[Records from a data collection]
● ● ● ● ● ● ●

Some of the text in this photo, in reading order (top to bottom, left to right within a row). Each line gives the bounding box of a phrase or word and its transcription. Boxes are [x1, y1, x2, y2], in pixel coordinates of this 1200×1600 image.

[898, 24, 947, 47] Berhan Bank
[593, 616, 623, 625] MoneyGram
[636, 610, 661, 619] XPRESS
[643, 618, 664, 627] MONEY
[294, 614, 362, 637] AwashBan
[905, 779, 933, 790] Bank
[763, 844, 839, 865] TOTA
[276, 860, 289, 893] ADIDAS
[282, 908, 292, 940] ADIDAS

● ● ● ● ● ● ●

Aim of the exercise
Copy down the complete data exactly as supplied.

Response area
Some of the text in this photo, in reading order (top to bottom, left to right within a row). Each line gives the bounding box of a phrase or word and its transcription. Boxes are [x1, y1, x2, y2], in pixel coordinates of this 1200×1600 image.

[898, 24, 947, 47] Berhan Bank
[593, 616, 623, 625] MoneyGram
[636, 610, 661, 619] XPRESS
[643, 618, 664, 627] MONEY
[294, 614, 362, 637] AwashBan
[905, 779, 933, 790] Bank
[763, 844, 839, 865] TOTA
[276, 860, 289, 893] ADIDAS
[282, 908, 292, 940] ADIDAS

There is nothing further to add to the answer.